_What you are asked to do_. Show all the lines in the data below that include the word "小麦啤酒".

_Input material_.
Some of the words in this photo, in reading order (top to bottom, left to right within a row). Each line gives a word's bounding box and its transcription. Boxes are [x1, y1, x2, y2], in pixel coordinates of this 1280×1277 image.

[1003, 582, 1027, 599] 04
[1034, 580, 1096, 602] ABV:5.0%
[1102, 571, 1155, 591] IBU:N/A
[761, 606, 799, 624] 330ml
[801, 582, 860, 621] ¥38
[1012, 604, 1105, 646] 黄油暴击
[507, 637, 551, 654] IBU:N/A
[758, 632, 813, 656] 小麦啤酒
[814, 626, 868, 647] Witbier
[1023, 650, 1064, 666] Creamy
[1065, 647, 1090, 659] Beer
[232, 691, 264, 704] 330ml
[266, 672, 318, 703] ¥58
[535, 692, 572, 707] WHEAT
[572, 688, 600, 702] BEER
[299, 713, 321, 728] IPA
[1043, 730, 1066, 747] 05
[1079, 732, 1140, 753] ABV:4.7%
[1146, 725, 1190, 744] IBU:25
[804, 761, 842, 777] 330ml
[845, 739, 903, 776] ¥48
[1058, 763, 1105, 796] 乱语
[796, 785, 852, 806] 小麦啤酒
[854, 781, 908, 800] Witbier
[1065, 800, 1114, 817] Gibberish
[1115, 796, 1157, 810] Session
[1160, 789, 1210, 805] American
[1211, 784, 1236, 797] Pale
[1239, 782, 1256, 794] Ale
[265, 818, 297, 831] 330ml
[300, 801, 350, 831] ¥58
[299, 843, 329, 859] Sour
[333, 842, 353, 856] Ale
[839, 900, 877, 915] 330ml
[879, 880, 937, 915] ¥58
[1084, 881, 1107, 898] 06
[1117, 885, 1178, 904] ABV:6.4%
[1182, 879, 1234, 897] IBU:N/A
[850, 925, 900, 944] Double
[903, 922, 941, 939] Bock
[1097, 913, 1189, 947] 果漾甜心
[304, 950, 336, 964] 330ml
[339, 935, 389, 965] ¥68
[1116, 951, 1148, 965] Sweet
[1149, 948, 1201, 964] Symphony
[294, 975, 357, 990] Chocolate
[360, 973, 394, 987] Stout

_Your solution_.
[758, 632, 813, 656] 小麦啤酒
[796, 785, 852, 806] 小麦啤酒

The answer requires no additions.